CGA Inhibits EMT and Promotes Autophagy in BLM-Induced PF in MiceThe mesenchymal cell indicator vimentin and the epithelial cell indicator E-cadherin were both widely-used indicator proteins of EMT. RT-qPCR results showed that the mRNA levels of Vim in lung tissues were also up-regulated, while the mRNA expressions of Cdh1 were significantly decreased. Both CGA and DXM had corrective effects on these changes (Fig. 2a). These results suggest that CGA could inhibit EMT. Western blot results also showed the same trends. The expression of vimentin in lung tissues was higher and the expression of E-cadherin was lower in the BLM group than those in the control group. CGA and DXM treatment could decrease the vimentin expression and increase the E-cadherin expression in PF mice. (Figs. 2b, c). In addition, a series of autophagy-associated proteins in mouse lung tissues were measured to find the changes in autophagy during PF. The protein levels of both LC3 and beclin-1 were decreased, while P62 level was significantly elevated in the lung tissue of BLM mice compared with the control group, suggesting disrupted autophagic flux. In contrast, both LC3 and beclin-1 were elevated after treatment with CGA and DXM, whereas P62 was significantly reduced, suggesting improved autophagic flux (Figs. 2d, e).

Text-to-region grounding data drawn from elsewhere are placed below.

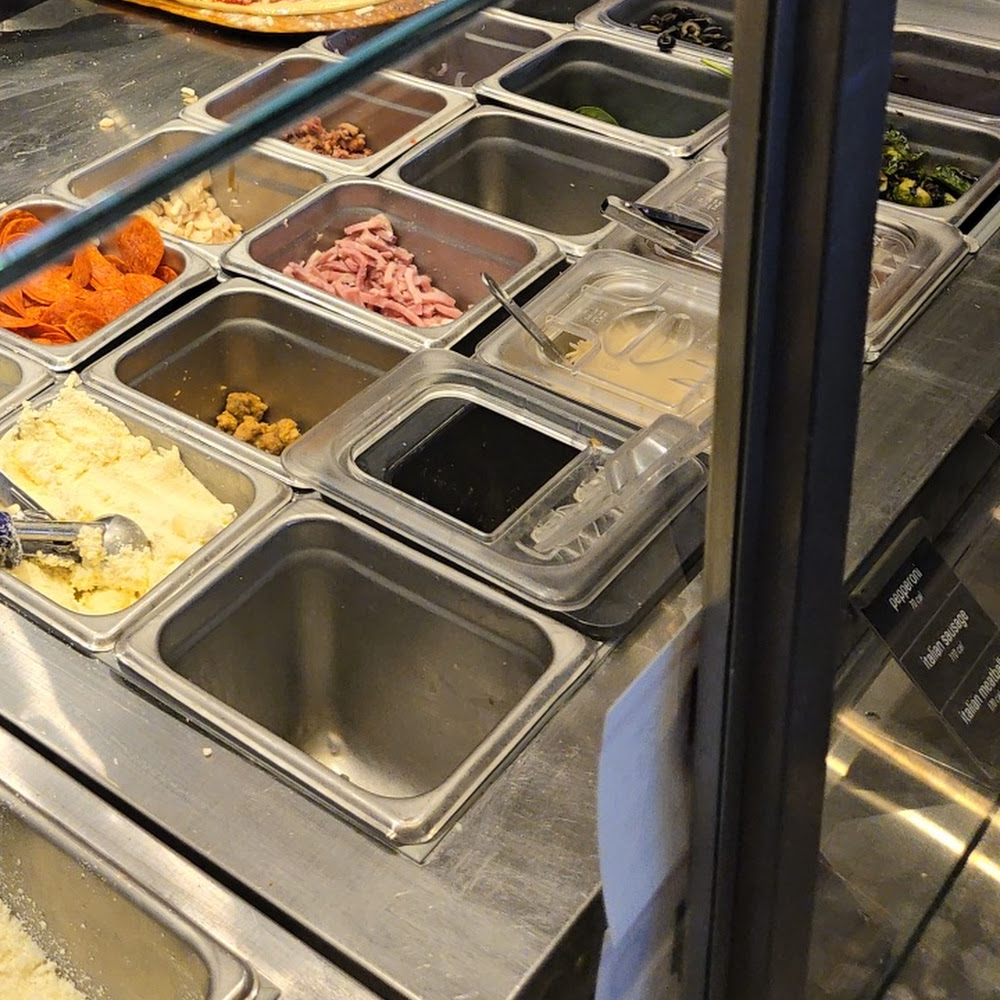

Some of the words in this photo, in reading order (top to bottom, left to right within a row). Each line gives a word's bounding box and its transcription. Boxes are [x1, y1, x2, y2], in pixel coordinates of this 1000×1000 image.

[888, 563, 923, 612] pepperoni
[919, 638, 945, 670] italian
[941, 608, 970, 646] sausage
[957, 692, 983, 725] italian
[978, 656, 1000, 699] meatba

(a) RT-qPCR results showed that the mRNA levels of Vim and Cdh1, which were altered in the PF model, were improved after CGA treatment. (b, c) Western blot analysis showed that CGA treatment decreased vimentin and increased E-cadherin expression in the lung tissue of PF mice. (d, e) The levels of autophagy-related proteins (beclin-1, LC3-II, and P62) in lung were tested by Western blot. CGA treatment increased beclin-1 and LC3 and decreased P62 expression in the lung tissue of PF mice. Vim: vimentin; Cdh1: cadherin 1. (n = 3 per group).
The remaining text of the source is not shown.